Rockford has a busy airport averaging about 200,000 passengers a year, according to staff who said it's a priority to keep them safe.
"We have to be trained and prepared for any type of disaster," Rockford Airport Fire Department Deputy Fire Chief Brian Kunce said.
That was why they were training with local, state, and federal law enforcement agencies and medical teams in case of an emergency.
"There's not enough training out there to keep everybody sharp out there so that's why we have to keep doing it all the time," Kunce said.
This weekend a simulated crash took place. Emergency crews from 35 agencies and four local counties respond in real-time. Police and firefighters worked to get volunteer victims transported to local hospitals. Meanwhile airport staff coordinated releasing crucial information, something officials said they wanted to improve going into the weekend's drill.
"We had a lot of coordination from the field to the administration office," Rockford Airport's Chief Financial Officer Michelle Cassaro said. "On the inside we were receiving information from what was happening on the scene and we then disseminate that information via press release. We monitor Social media to ensure we were responsive to any social media request for information and that we were updating social media as we needed."

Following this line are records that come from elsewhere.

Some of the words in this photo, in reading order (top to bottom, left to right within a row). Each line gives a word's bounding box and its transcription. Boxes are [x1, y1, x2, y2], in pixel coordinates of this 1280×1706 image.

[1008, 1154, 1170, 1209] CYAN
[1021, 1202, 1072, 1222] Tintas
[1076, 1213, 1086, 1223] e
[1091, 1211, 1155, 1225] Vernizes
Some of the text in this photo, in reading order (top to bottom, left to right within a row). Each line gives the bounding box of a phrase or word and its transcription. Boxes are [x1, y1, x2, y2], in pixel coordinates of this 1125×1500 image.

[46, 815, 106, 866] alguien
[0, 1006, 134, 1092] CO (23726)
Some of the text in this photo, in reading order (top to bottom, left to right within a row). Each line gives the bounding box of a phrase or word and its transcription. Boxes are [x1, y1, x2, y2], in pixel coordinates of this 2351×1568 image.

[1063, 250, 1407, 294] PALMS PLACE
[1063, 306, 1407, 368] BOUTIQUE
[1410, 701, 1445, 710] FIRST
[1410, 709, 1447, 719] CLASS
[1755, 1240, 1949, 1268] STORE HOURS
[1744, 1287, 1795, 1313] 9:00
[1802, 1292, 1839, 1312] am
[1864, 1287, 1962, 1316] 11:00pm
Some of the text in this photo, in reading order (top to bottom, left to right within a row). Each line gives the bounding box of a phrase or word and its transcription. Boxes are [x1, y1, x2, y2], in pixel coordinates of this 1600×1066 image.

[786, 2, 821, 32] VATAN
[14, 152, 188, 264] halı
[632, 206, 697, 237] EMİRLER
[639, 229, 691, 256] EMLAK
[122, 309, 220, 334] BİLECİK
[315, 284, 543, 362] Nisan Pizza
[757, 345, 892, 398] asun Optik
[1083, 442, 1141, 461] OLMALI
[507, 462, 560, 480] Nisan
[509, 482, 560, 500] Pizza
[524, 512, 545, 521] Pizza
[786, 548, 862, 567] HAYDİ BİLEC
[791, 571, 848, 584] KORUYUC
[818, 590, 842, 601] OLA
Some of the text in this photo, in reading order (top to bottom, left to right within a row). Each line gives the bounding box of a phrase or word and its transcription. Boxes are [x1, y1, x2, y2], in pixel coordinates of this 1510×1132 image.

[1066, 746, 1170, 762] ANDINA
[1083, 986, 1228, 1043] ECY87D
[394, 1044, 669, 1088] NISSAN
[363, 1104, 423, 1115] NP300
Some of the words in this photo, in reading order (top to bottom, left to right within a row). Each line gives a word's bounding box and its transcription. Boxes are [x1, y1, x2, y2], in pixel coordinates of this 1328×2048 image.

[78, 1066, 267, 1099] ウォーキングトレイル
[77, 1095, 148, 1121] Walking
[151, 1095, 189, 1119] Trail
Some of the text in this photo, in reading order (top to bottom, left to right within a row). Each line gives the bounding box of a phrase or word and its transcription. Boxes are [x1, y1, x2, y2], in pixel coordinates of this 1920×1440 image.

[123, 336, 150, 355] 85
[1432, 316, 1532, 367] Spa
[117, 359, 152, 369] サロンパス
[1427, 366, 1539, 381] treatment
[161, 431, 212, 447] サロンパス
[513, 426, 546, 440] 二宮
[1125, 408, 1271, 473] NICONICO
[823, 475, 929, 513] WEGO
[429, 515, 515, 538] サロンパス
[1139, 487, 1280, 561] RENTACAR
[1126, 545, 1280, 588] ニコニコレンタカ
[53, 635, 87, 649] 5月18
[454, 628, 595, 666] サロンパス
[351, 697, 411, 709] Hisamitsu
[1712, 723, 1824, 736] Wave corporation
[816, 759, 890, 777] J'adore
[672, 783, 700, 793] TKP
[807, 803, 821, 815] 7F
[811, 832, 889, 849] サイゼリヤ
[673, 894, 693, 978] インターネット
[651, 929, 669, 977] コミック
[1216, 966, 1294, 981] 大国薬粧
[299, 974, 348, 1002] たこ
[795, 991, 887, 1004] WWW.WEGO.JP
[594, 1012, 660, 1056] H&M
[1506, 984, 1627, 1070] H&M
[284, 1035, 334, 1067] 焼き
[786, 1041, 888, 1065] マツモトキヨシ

Fortunately, a real crash like this has not happened at Rockford's airport, but officials said they need to be prepared. Plus this training is a federal requirement. Every three years the FAA demands all airports with passenger service carry out an emergency plan for certification. Afterwards a panel of experts review and the airport makes revisions as needed.
"It was good," Kunce said. "I just wished the weather would have held off, but you're going to have to deal with that in a real situation."
The fire chief said following Saturday's exercise that he would like to see more resources and manpower for treating and transporting people to hospitals.